The Committee received two presentations. The first was from Vice-Chair of GDPC, Henrik Overgaard-Nielsen, on his work for Burmadent, a charity working to improve the oral health of children and the rural population in Burma. The charity needed volunteer dentists to go and spend two weeks in Burma to provide much needed treatment. The second presentation was from the Chair of the Principal Executive Committee, Martin Fallowfield, on the new membership arrangements and recently-published strategy. The rationale for the new membership tiers was explained as making the fees more representative of use.
Concerns continued to be raised over foundation training with members of the Committee frustrated that trainers continued to be excluded from the selection process in large areas of the country. It was felt that all trainers should have a say in which trainees they had in their practice.
LDCs should have begun to be recognised and the levy collected and distributed, though this was reported to be variable in its implementation. LDCs should be recognised as they are and it should not be up to Area teams to dictate the local representational structure of dentists. The role and involvement of LDCs on Local Professional Networks was felt to be very important and should be made clearer in guidance from NHS England.
The Committee meeting dates in 2013 are 25 January, 10 May and 04 October.
The General Dental Practice represents all general dental practitioners in the UK. There are 60 directly elected members of the Committee, 3 members from LDC Conference, a representative of the Conference of Vocational Training Advisers. There are a number of seats for other organisations.
The Chair and Vice-Chair of the BDA's Principal Executive Committee are also members of the Committee.
A full list of members can be found to the left.
The General Dental Practice Committee (GDPC) was established in January 2003 and aims to reflect the mixed economy of general dental practice. It represents the interests, and acts on behalf of, dentists working in general practice.
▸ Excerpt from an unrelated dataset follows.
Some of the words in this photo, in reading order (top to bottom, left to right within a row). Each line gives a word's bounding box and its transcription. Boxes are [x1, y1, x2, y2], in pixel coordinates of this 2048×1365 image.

It is also recognised by the the Government as representing NHS general dental practitioners.
About the Committee
The Committee's purpose is to:
Represent and promote the interests of dentists in all types of general practice (General Dental Service, private, Personal Dental Service, corporate, specialist practitioners, including practice-owners and non-owners) and improve communication between them, enabling coherent policies to be developed and promoted on behalf of the profession.
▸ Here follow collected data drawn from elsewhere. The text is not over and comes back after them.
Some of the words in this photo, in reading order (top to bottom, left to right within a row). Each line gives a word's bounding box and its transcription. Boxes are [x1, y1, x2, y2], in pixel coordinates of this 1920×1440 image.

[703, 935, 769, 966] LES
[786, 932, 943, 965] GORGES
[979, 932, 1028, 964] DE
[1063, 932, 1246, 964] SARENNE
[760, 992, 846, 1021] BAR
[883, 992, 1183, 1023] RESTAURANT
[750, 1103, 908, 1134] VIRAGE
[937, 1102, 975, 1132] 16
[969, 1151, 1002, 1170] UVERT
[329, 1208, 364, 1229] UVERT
Make possible rapid, efficient and representative responses to consultation from Government and other organisations.
Unite general dental practitioners and ensure their independence.
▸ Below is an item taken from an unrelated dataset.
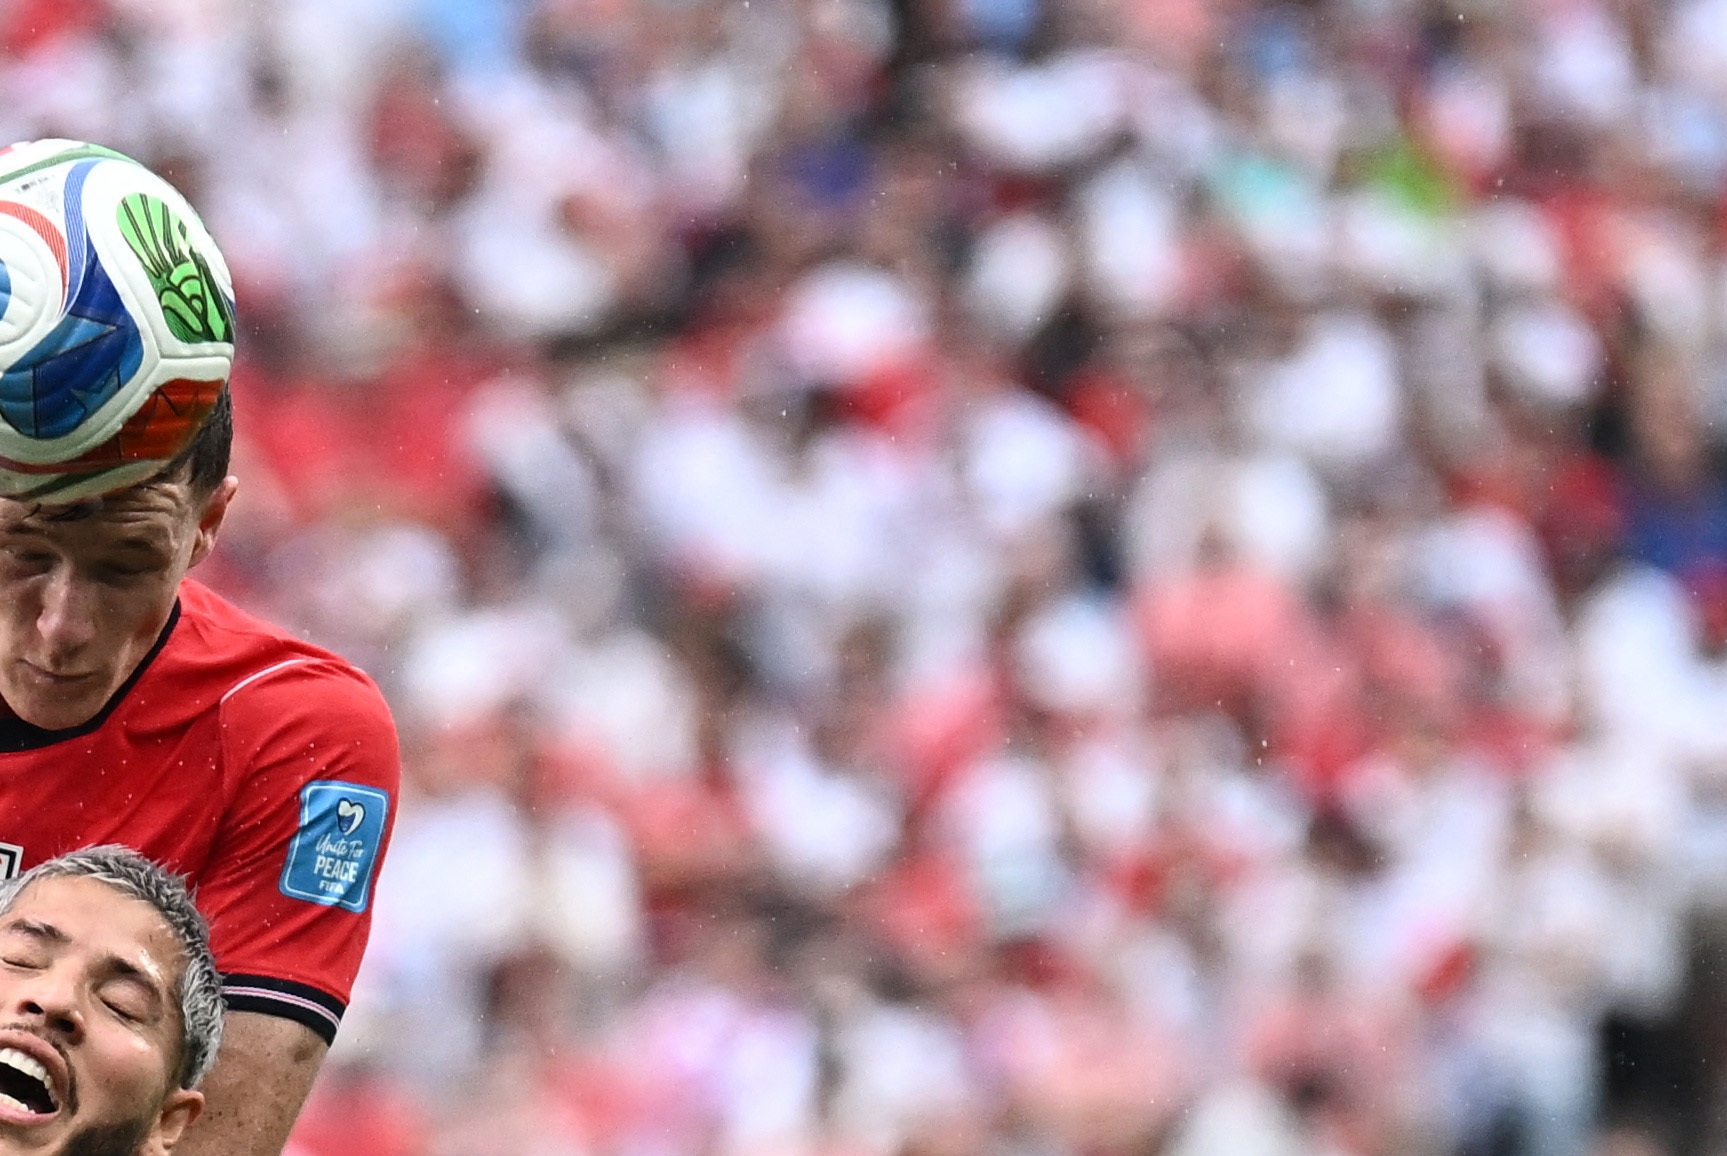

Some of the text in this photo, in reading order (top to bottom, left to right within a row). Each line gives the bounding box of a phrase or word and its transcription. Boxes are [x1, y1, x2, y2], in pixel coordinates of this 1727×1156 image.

[315, 833, 348, 856] Unite
[314, 855, 359, 882] PEACE
[319, 880, 345, 894] FIFA
Ensure that appropriate services are developed for general dental practitioners.
GDPC Executive is the main Sub-Committee of GDPC. It is chaired by the Chair of GDPC and carries on the business of GDPC between meetings. It submits a report on its activities to GDPC at every meeting as well as keeping members up to date with its newsletter - GDPC Bitesize.
The Chair of the GDPC is John Milne, a GDP practising in Wakefield.
The Vice Chairs are Henrik Overgaard-Nielsen (London) and Peter Hodgkinson (Cornwall)
The four Executive sub-committee members are Dave Cottam (Birmingham), Richard Emms (North Yorkshire), Paul Kelly (Devon) and Jane Moore (Leeds)
The three remaining seats on the Executive are taken up by the Chairs of the Wales, Northern Ireland and Scottish Dental Practice Committees.